**Activity**
The data should be written out in full, exactly as it stands, and the pictures dropped.

[Phrase grounding data]
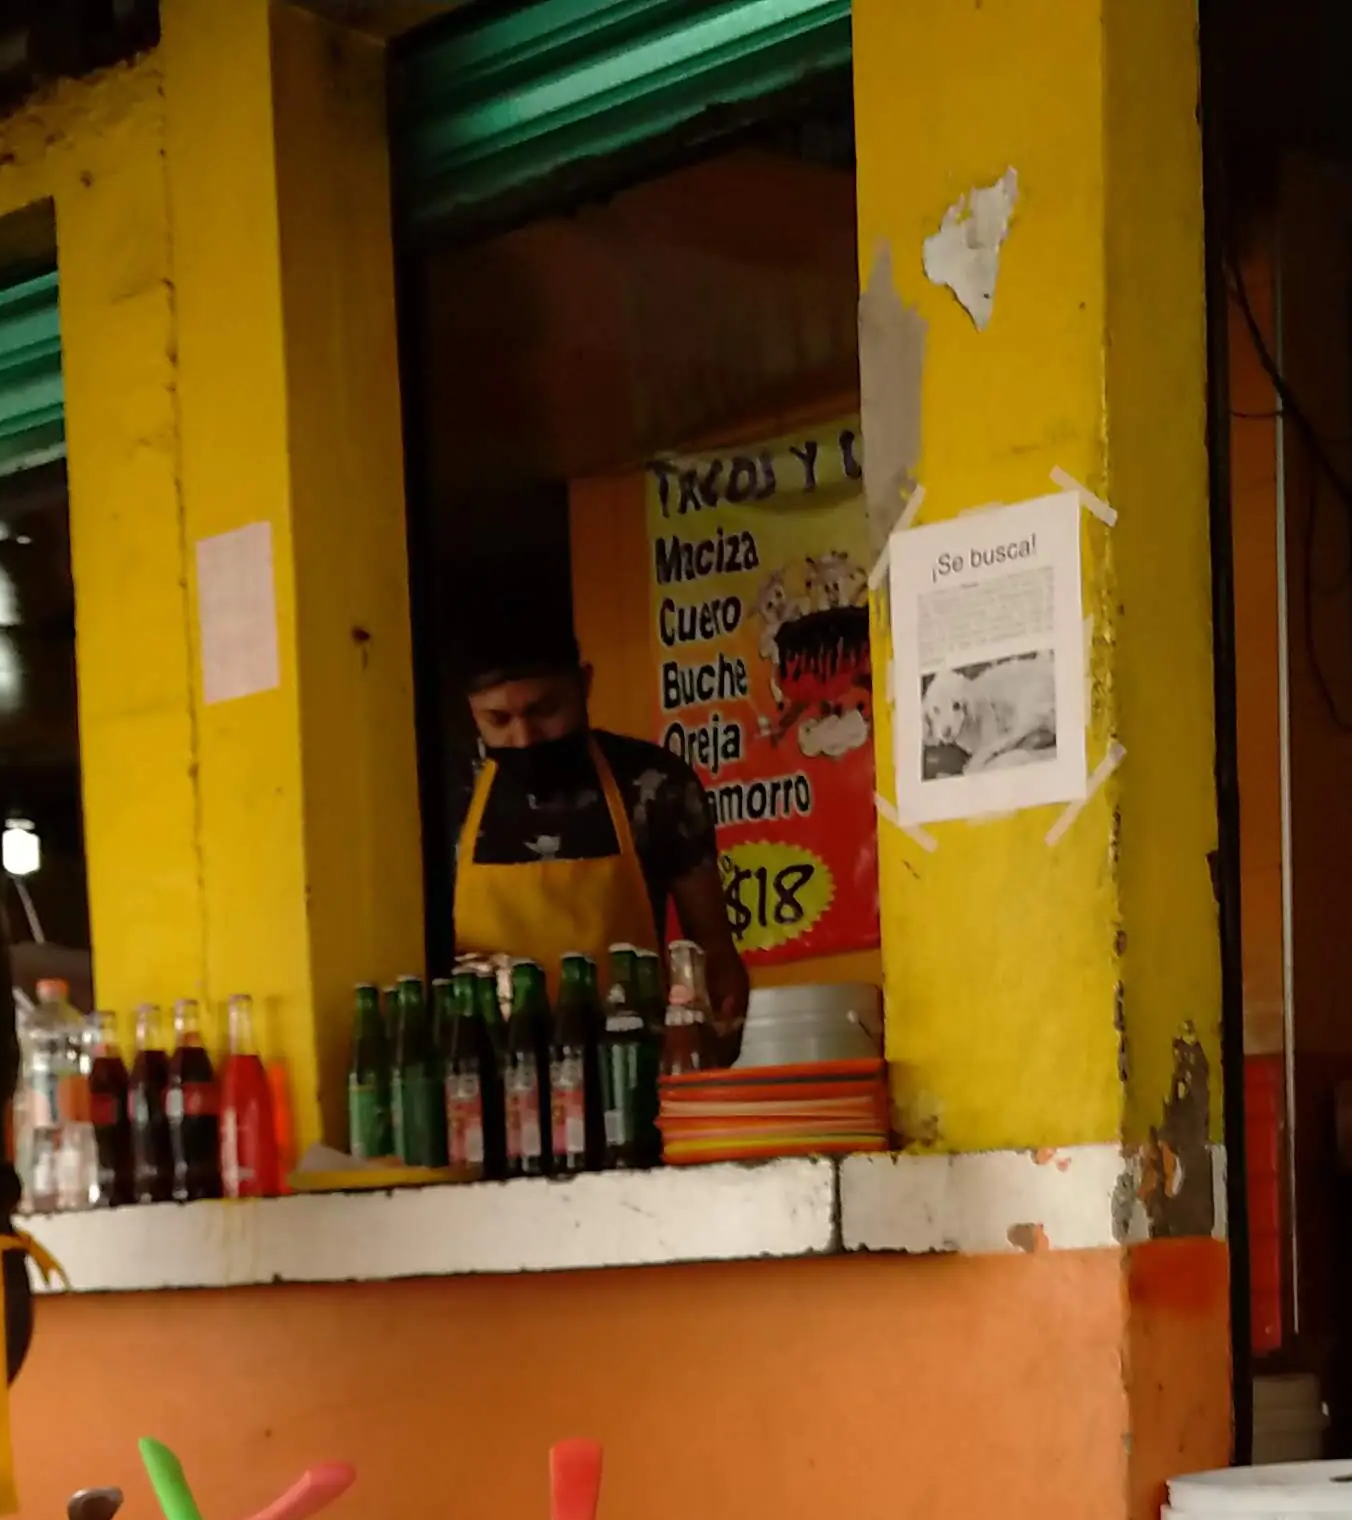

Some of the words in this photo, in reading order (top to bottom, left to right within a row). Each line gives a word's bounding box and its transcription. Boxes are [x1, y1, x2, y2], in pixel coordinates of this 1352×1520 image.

[790, 441, 818, 491] Y
[656, 530, 759, 585] Maciza
[970, 532, 1036, 568] busca!
[660, 596, 742, 647] Cuero
[662, 656, 748, 710] Buche
[664, 714, 741, 774] Oreja
[725, 864, 816, 941] $18

**Output**
Some of the words in this photo, in reading order (top to bottom, left to right within a row). Each line gives a word's bounding box and its transcription. Boxes are [x1, y1, x2, y2], in pixel coordinates of this 1352×1520 image.

[790, 441, 818, 491] Y
[656, 530, 759, 585] Maciza
[970, 532, 1036, 568] busca!
[660, 596, 742, 647] Cuero
[662, 656, 748, 710] Buche
[664, 714, 741, 774] Oreja
[725, 864, 816, 941] $18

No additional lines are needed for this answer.